General information
- Status: State property
- Type: Madrasah
- Architectural style: Central Asian architecture
- Location: Bukhara Region, Uzbekistan
- Opened: XVIII
- Owner: Sitorai Mohi Hossa

Technical details
- Material: baked bricks
- Size: 19 cells

= Boloyi hovuz Madrasah =

Madrasa in Bukhara, Uzbekistan

Boloyi hovuz Madrasah is an educational institution located in Bukhara. Boloyi hovuz madrasah was built in the 18th century by Sitorai Mohi Hossa, the wife of Ashtarkhani ruler Subkhanqulikhan, who ruled the Bukhara Khanate, in the courtyard of the Shodimbi patriarchal mosque. Research scientist Abdusattor Jumanazarov studied a number of foundation documents related to this madrasah and provided information related to the madrasah. In the document, Madrasa Zaman Bilqisi (Podshah Bibi) will build a wooden and brick house, a jame mosque and nineteen rooms in the west of Registo in Bukhara, in the vicinity of the Shodimbi paternal mosque. To the west of the madrasah was the property of the foundation, to the north was a road, to the east was a pond, and to the south was the Shodimbi paternal madrasah. The princess built a madrasah here for the poor to get an education. To ensure the activities of the madrasah and the mosque, 1000 tanobs of Khoris land were endowed in Shorcha district of Khutfar district. Mutawwali was the foundation itself. The endowment funds were taken from tithes. A number of other foundation documents related to the Boloyi hovuz madrasah were found and studied. Madrasah is considered one of the higher educational institutions of the third level in the Bukhara educational system.
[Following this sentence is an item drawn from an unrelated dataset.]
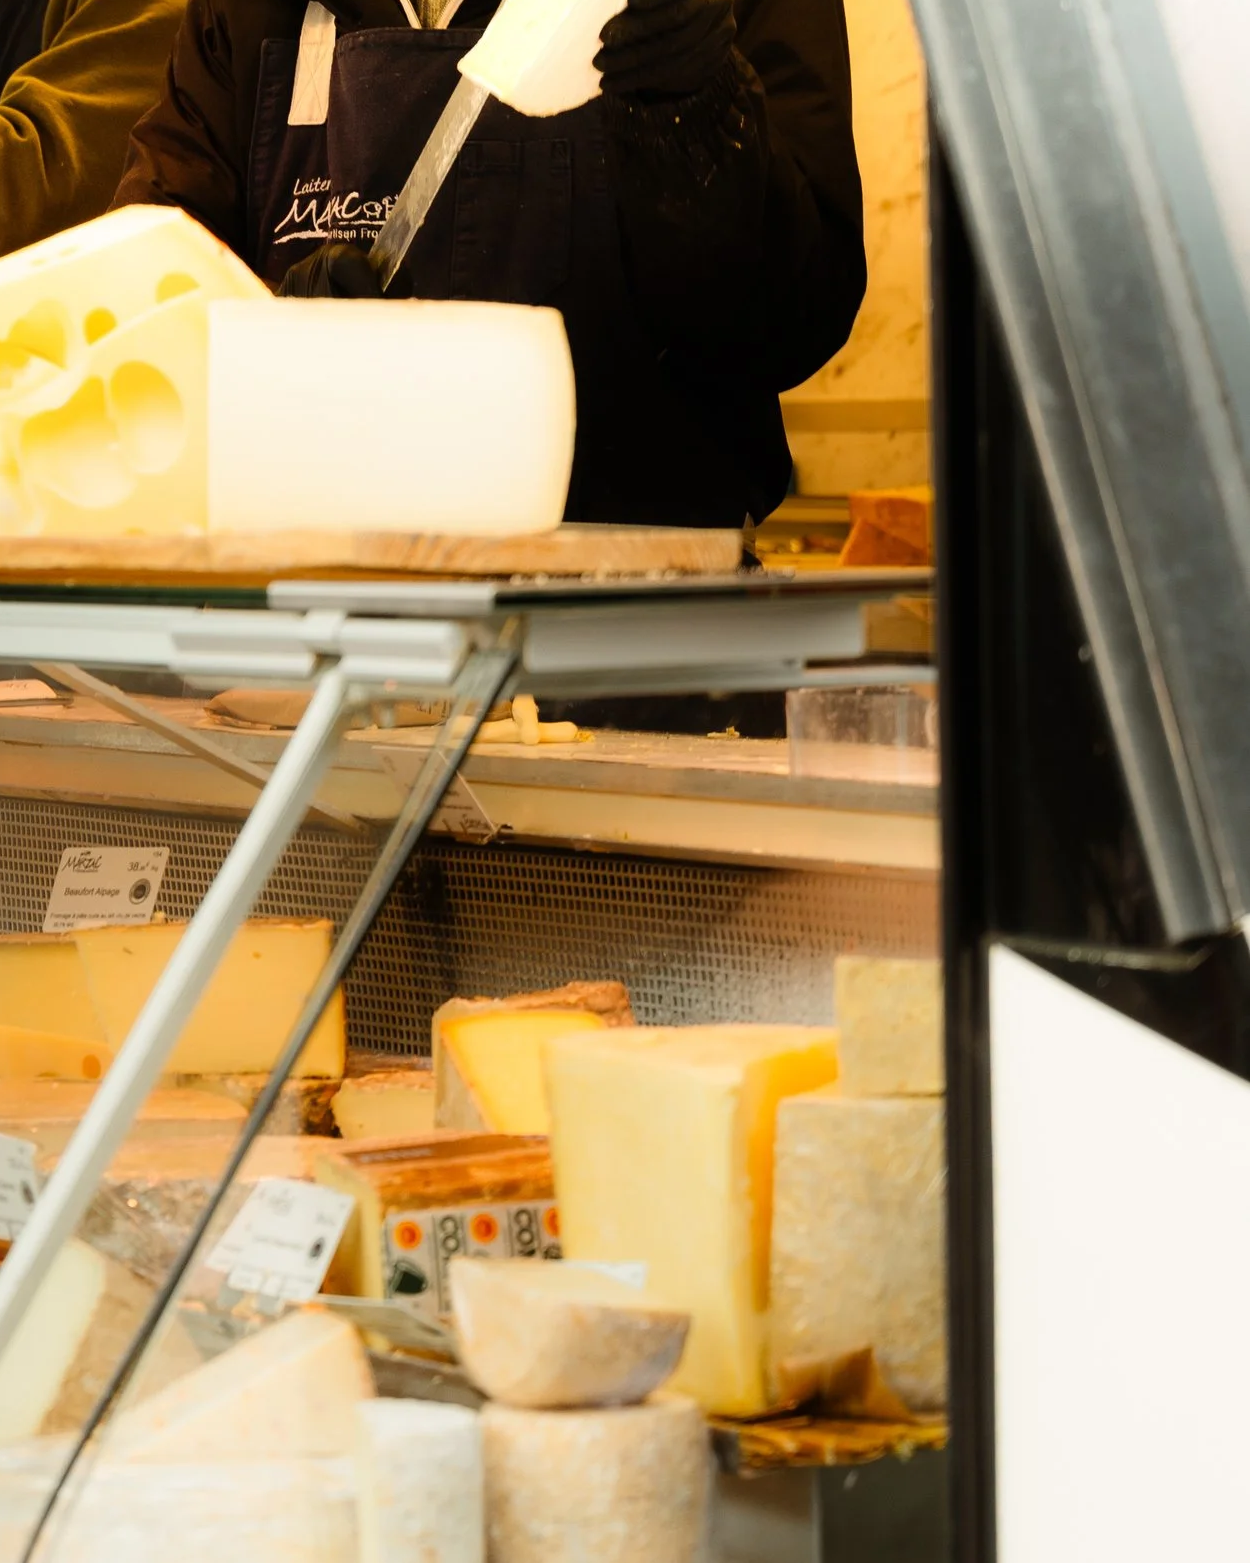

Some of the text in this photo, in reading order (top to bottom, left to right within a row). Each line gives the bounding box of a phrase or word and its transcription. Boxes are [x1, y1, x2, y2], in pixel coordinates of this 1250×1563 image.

In one of the historical documents, there is information that a mudarris named Mullah Ashur Muhammad, belonging to the Banorasp category, taught in the madrasah. Abdulkhoja Abdi wrote in his work that Mullah Dost, who created under the pseudonym "Nadir", taught students at Boloyi hovuz madrasah. Sadri Zia wrote that there were 22 cells in this madrasah. Boloyi pool madrasah consisted of 19 rooms. This madrasah was built in the style of Central Asian architecture. The madrasah is built of brick, wood, stone and ganch.